В новом квартале поселился и Василий Кондраков. Грузовик остановился возле плетеной изгороди, за которой стояли дом, сарай для коровы, курятник и свинушник. Окна, выходившие на улицу и во двор, были закрыты ставнями. Собака выскочила из конуры и, лая, загремела цепью на проволоке. Василий усмирил пса, заманил в сарай. Я вошел в калитку. Меня окружили куры.
— Киш! Голодное царство! — крикнул Василий, распугивая кур. — Ну и прожорливая птица — беда! Сколько ни корми — завсегда голодная!
На дверях ржавый замок. Василий достал из кармана ключ. В закуте, услышав голос хозяина, заскулил кабан. Огород с чахлыми деревцами, засаженный картошкой и свеклой, уходил к отлогому берегу канала. На воде гулял выводок гусей.
— Твои? — спросил я, указав на гусей.
— Первый год развожу, для пробы. — Василий снял замок. — Куда выгоднее кур! Сами себе харч добывают. Утром переплывут канаву и цепочкой уйдут на жнивье. Вечером также цепочкой возвернутся домой. А осенью посажу на откорм, наберут они жирку — и, пожалуйста, вези на базар…
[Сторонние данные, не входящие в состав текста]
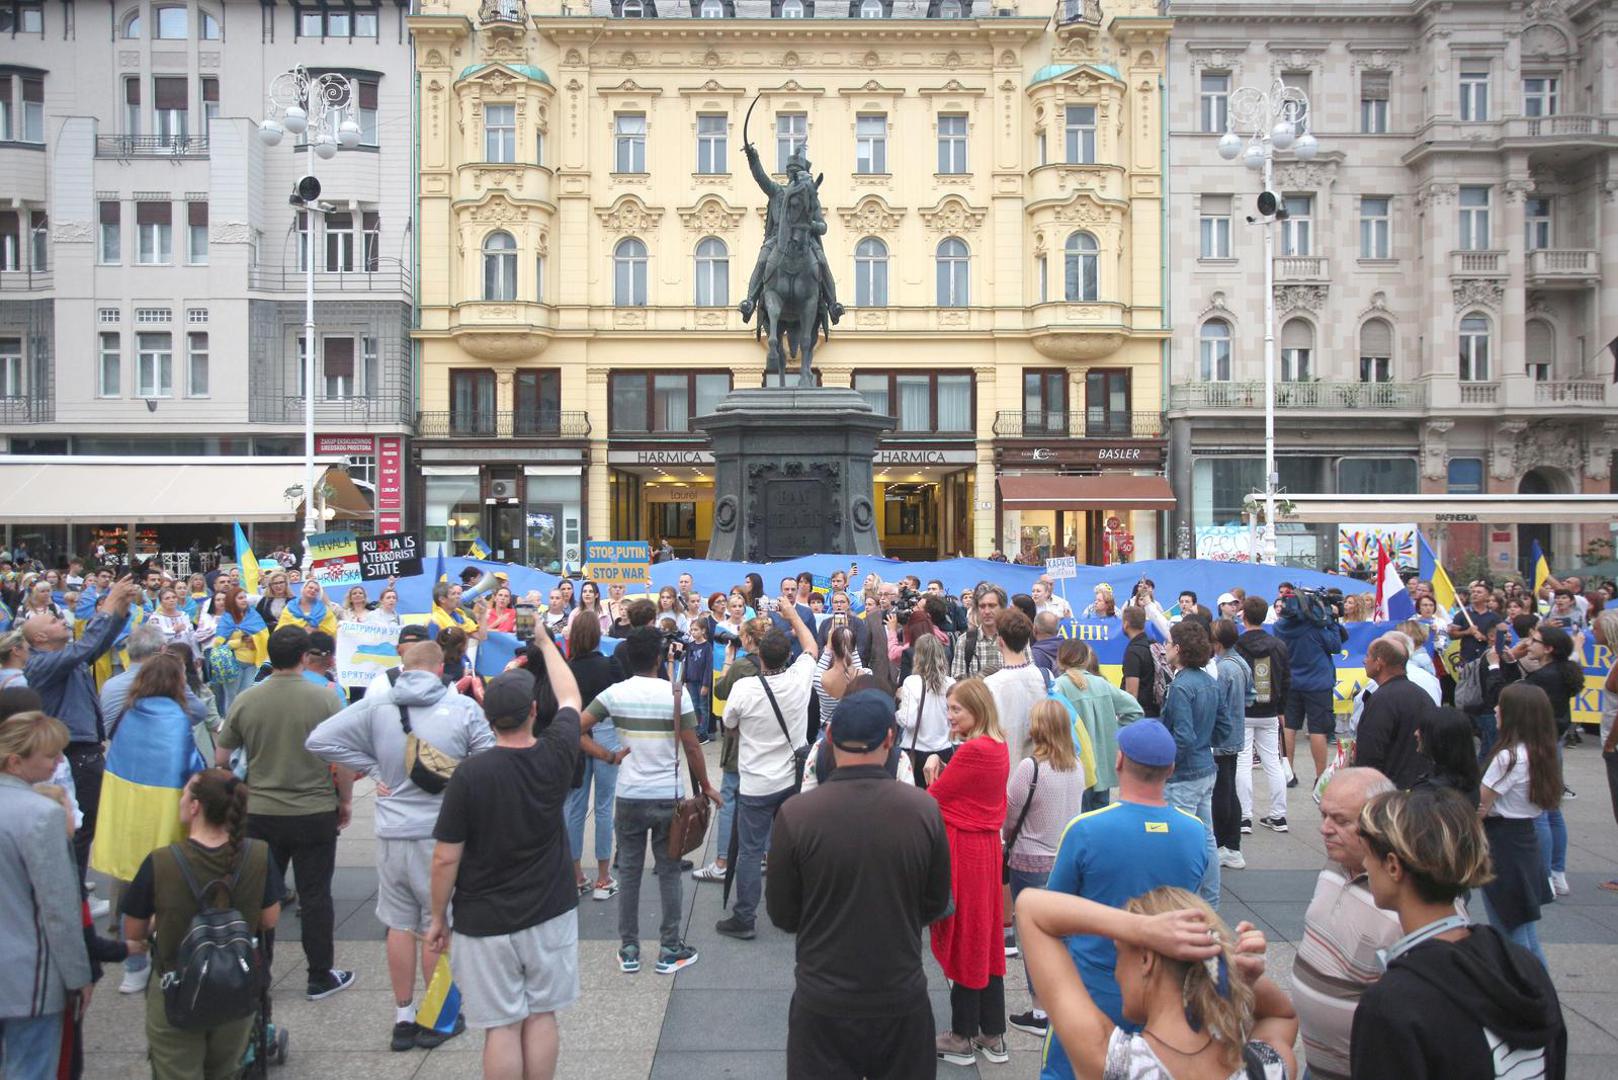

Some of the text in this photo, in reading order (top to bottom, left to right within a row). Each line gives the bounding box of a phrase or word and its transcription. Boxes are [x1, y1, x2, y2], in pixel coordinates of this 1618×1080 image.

В комнате ютился полумрак. Воздух тяжелый, душный, точно пропитан застаревшей пылью. В темных глазницах окон бились о стекло и нудно звенели мухи.
— Беспорядок у меня тут. — сказал Василий. — Без хозяйки — дом сирота. Мать, спасибо, помогает. Придет, корову подоит, кабана накормит, за птицей присмотрит…
Василию нужно было сдать смену и отвезти в бухгалтерию документы на зерно. Он пообещал быстро вернуться и уехал. Я остался один… Кажется, теперь еще надсаднее скулил голодный кабан и настойчивее бились о стекло мухи. Оставаться в хате не хотелось. Я взял полотенце и отправился к гусиной стае. Пока сидел на берегу, пока купался, солнце опустилось к закату. Из-за лесистых гор выплыли тучи, повеяло прохладой.
Возвращаясь домой, я услышал знакомый голос сестры Ольги. Она шла мне навстречу.
— Ой, матерь родная! — говорила она нараспев, мешая русские слова с украинскими. — Та кого ж я бачу! Братушка!.. Я зараз в огородной бригаде, работа у нас сдельная. Сидим мы, отдыхаем. А тут Вася подкатил и кажеть: «Мамо, чего вы тут сидите… У нас гость!» Так я прихватила помидорчиков и побежала.
Она обняла меня. Руки у нее твердые, сильные. Фартук подоткнут, и в нем, как в сумке, бугрились помидоры… Раскрыла ставни, распахнула рамы. «Вот горе, вот горе, — бурчала она, вытирая стол мокрой тряпкой. — Такой домишко и стоит весь день с закрытыми окнами, истинно, как слепец». Вышла во двор, позвала кур и бросила им горсть зерна. В ведре что-то отнесла кабану.